### What you are asked to do
Should an entry include a picture, omit the picture and still repeat everything else exactly.

(Raw data)

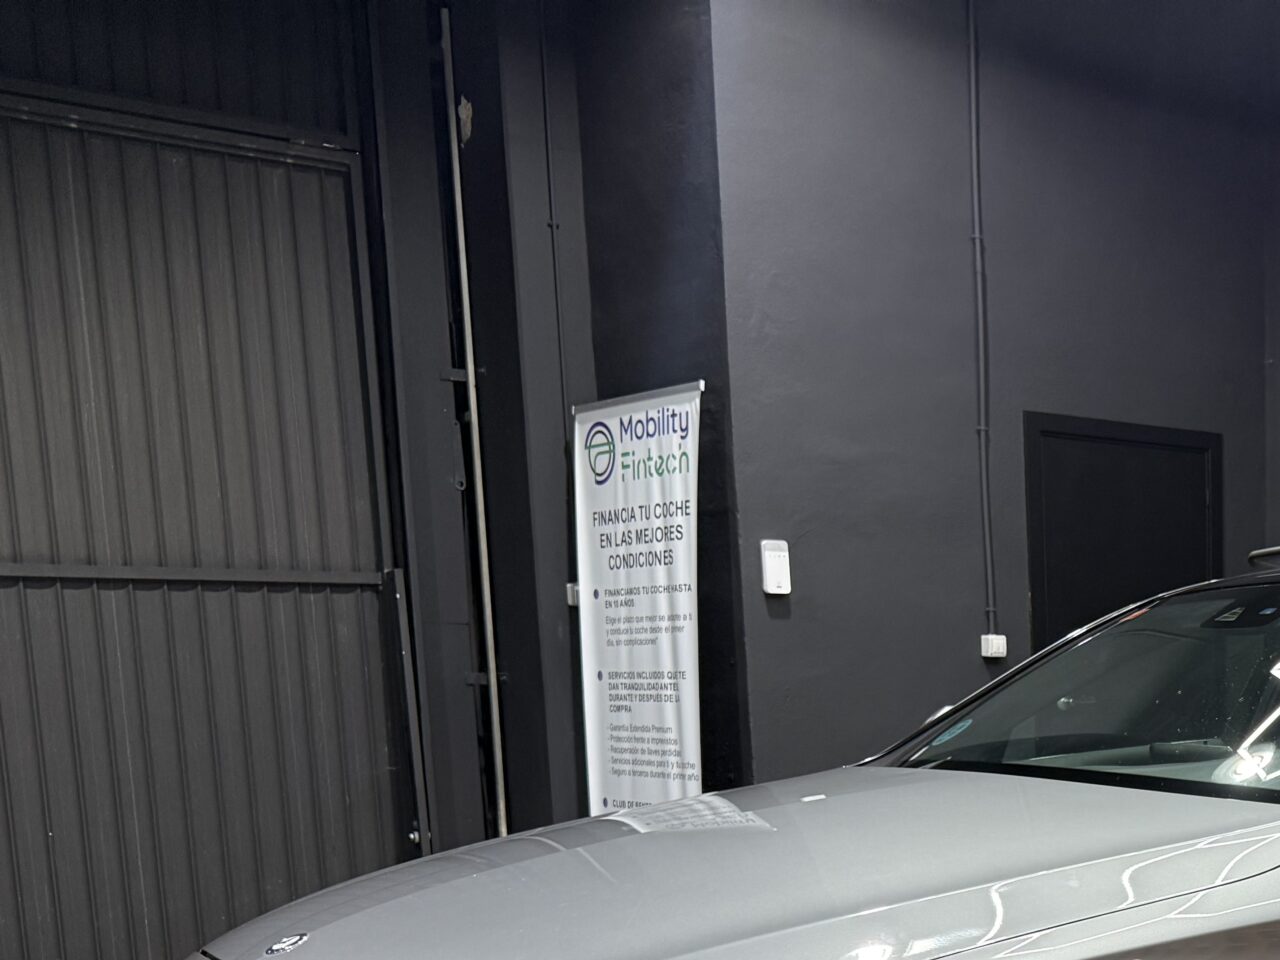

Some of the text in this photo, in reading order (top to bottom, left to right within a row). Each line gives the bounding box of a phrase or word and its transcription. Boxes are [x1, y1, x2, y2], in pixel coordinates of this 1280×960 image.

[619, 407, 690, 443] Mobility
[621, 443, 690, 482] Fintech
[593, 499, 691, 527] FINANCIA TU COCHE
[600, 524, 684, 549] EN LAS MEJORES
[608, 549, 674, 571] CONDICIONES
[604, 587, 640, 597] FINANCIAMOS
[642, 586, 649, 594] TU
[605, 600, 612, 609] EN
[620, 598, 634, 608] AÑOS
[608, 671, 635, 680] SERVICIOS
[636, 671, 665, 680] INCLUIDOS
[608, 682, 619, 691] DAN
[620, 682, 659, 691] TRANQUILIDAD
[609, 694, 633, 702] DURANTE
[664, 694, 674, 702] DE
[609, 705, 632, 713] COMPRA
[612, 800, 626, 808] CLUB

(End Raw data)

### Answer box
Some of the text in this photo, in reading order (top to bottom, left to right within a row). Each line gives the bounding box of a phrase or word and its transcription. Boxes are [x1, y1, x2, y2], in pixel coordinates of this 1280×960 image.

[619, 407, 690, 443] Mobility
[621, 443, 690, 482] Fintech
[593, 499, 691, 527] FINANCIA TU COCHE
[600, 524, 684, 549] EN LAS MEJORES
[608, 549, 674, 571] CONDICIONES
[604, 587, 640, 597] FINANCIAMOS
[642, 586, 649, 594] TU
[605, 600, 612, 609] EN
[620, 598, 634, 608] AÑOS
[608, 671, 635, 680] SERVICIOS
[636, 671, 665, 680] INCLUIDOS
[608, 682, 619, 691] DAN
[620, 682, 659, 691] TRANQUILIDAD
[609, 694, 633, 702] DURANTE
[664, 694, 674, 702] DE
[609, 705, 632, 713] COMPRA
[612, 800, 626, 808] CLUB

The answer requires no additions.